Of the bark pests, the bark beetles are the most destructive. These are also called Engraver Beetles from the smoothly cut figures which are their burrows under the bark, Figs. 89, 90, 91.

Fig. 89. Work of the Spruce Destroying Beetle: a. Primary gallery; b. Borings packed in side; c. Entrance and central burrow thru the packed borings; d. Larval mines. Note how the eggs are grouped on the sides. [Agric. Year Book, 1902, Fig. 24, p. 268].

Fig. 90. Complete brood Galleries of the Hickory Bark Beetle in Surface of Wood. [Agric. Year Book, 1903, Fig. 28, p. 316.

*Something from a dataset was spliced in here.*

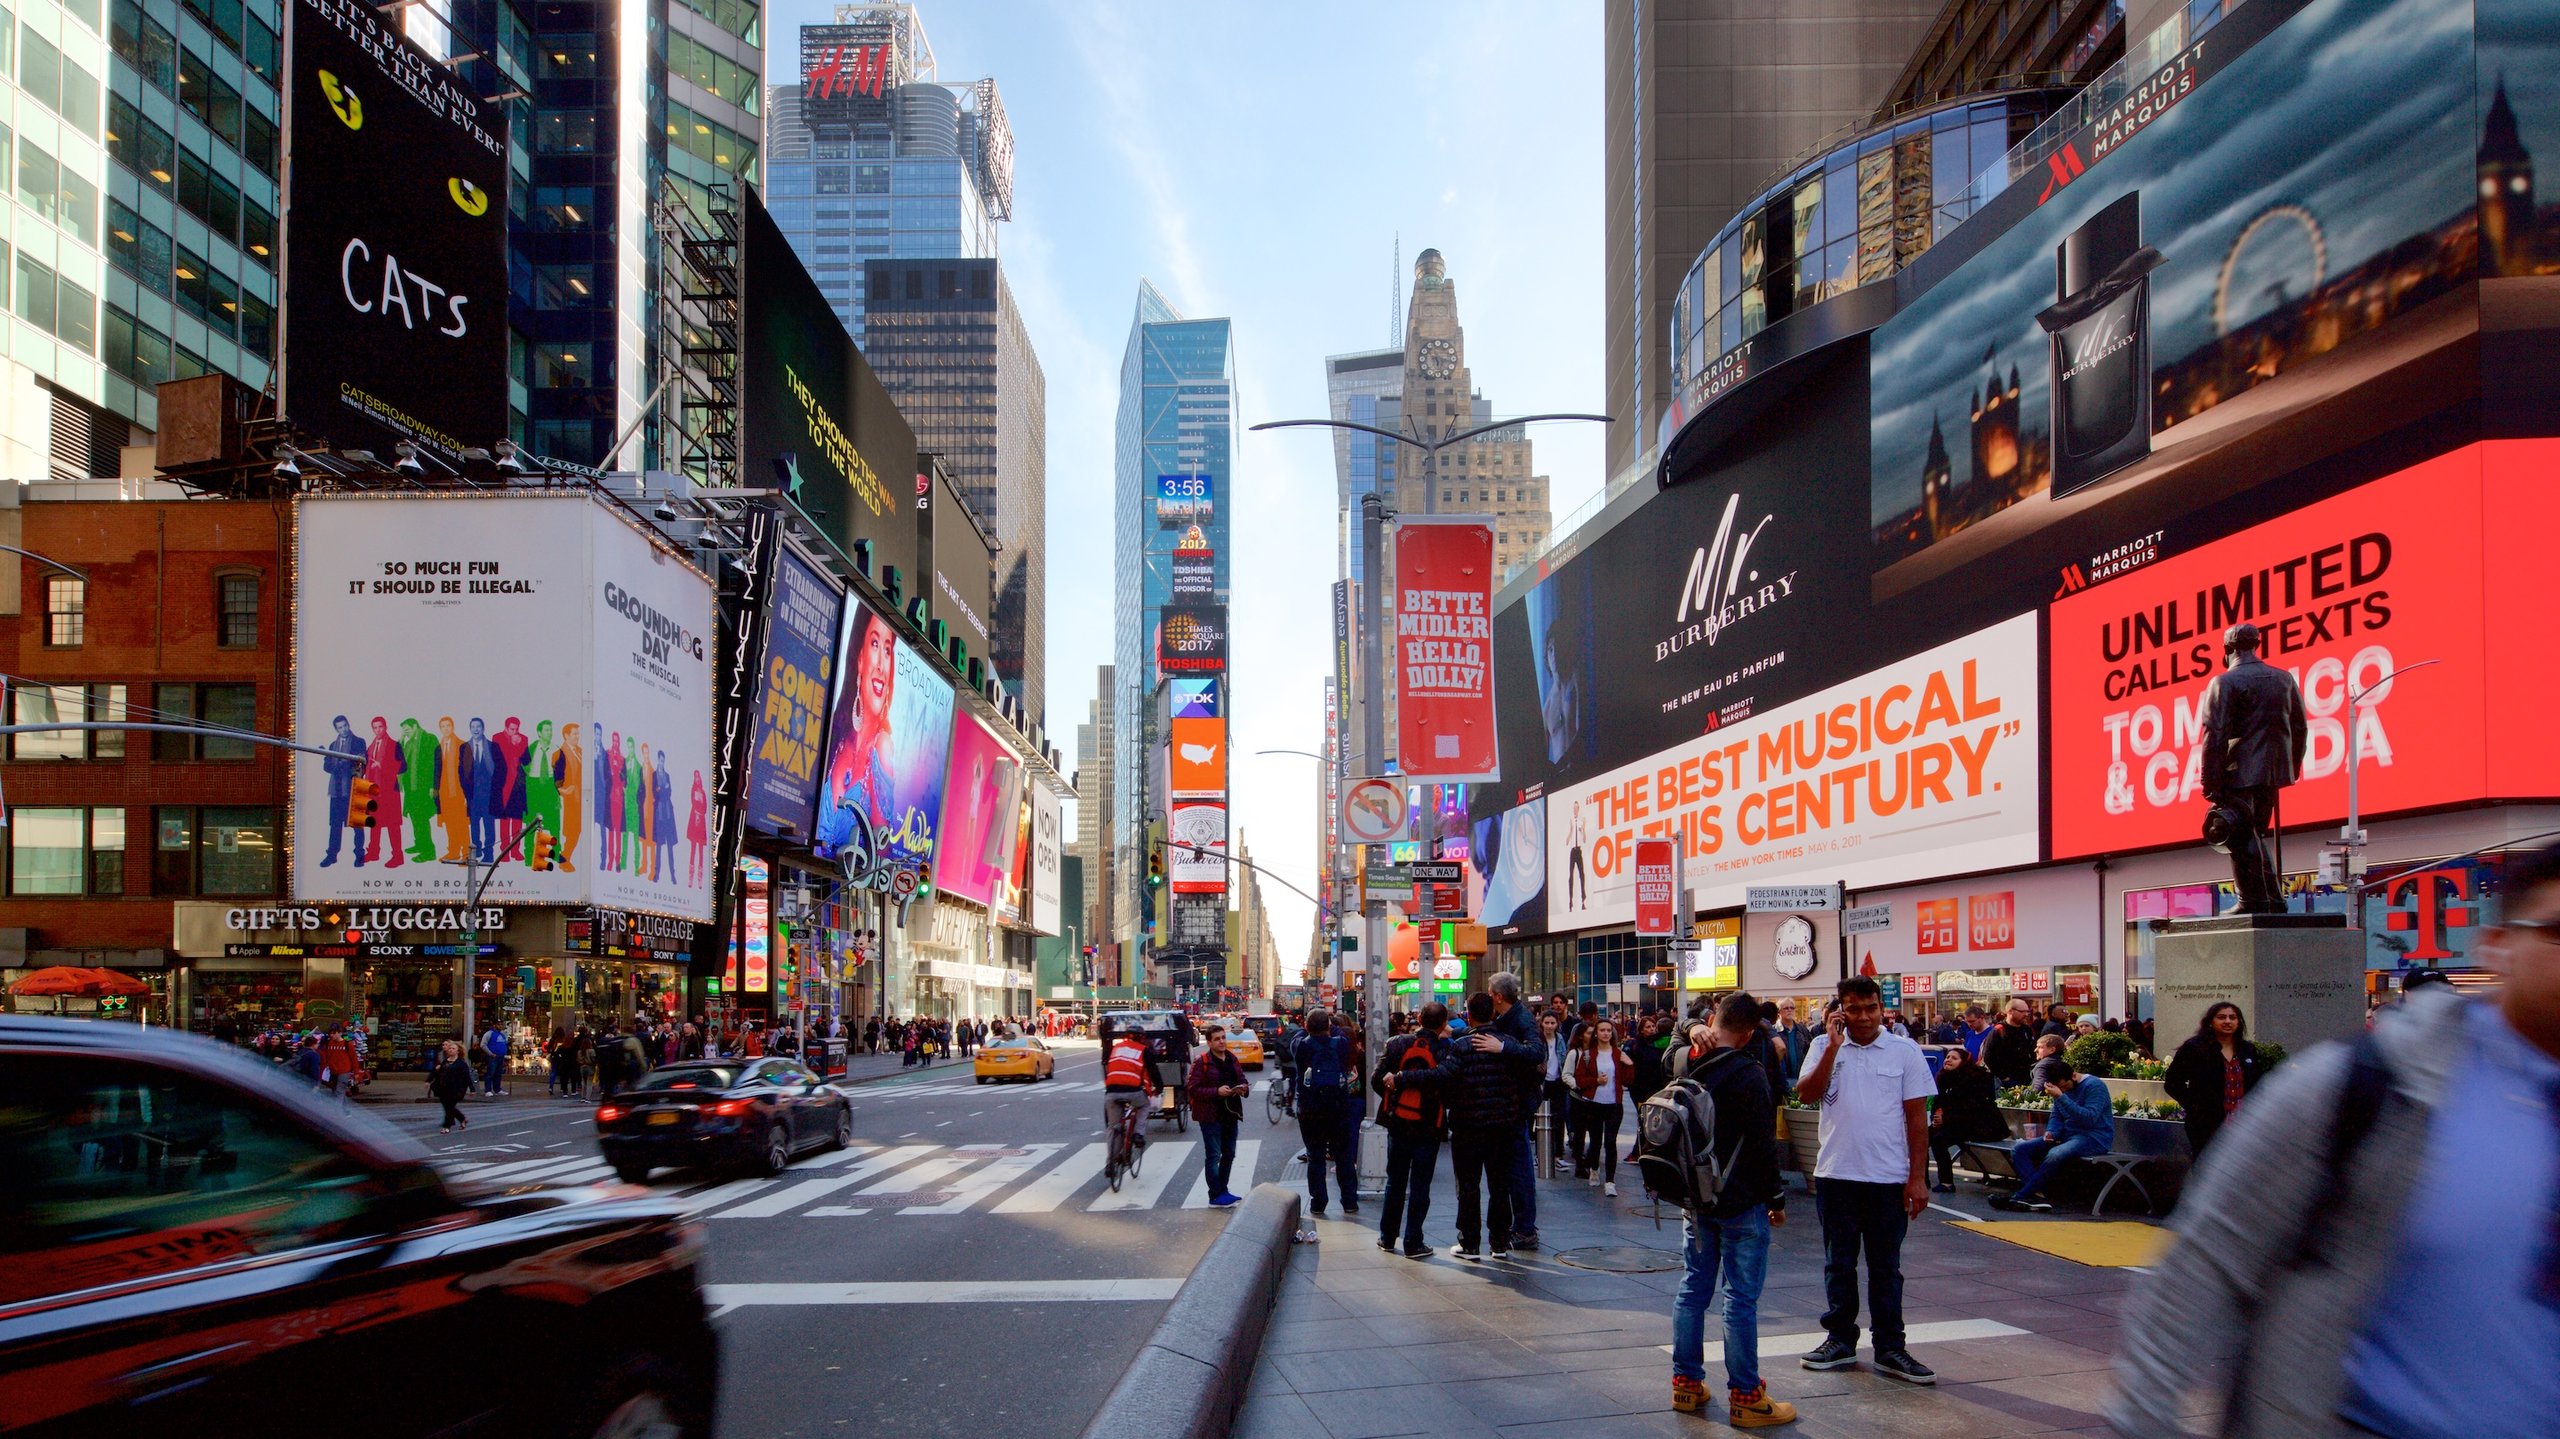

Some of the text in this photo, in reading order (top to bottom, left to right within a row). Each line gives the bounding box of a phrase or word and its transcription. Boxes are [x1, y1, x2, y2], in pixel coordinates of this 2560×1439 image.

Fig. 91. Brood Galleries of the Oak Bark Beetle, showing Character of Primary Gallery at b; Larval or Brood Mines at a. [Agric. Year Book, 1903, Fig. 30, page 318.]

Many pairs of beetles make a simultaneous attack on the lower half of the main trunk of medium-sized to large trees. They bore thru the outer bark to the inner living portion, and thru the inner layers of the latter; they excavate long, irregular, longitudinal galleries, and along the sides of these at irregular intervals, numerous eggs are closely placed. The eggs soon hatch and the larvae at once commence to feed on the inner bark, and as they increase in size, extend and enlarge their food burrows in a general transverse but irregular course, away from the mother galleries (see illustration). When these young and larval forms are full grown, each excavates a cavity or cell at the end of its burrow and next to the outer corky bark. (Hopkins, Agric. Yr. Bk., 1902.)

Some of the species attack living trees, causing their rapid death, and are among the most destructive enemies of American forests.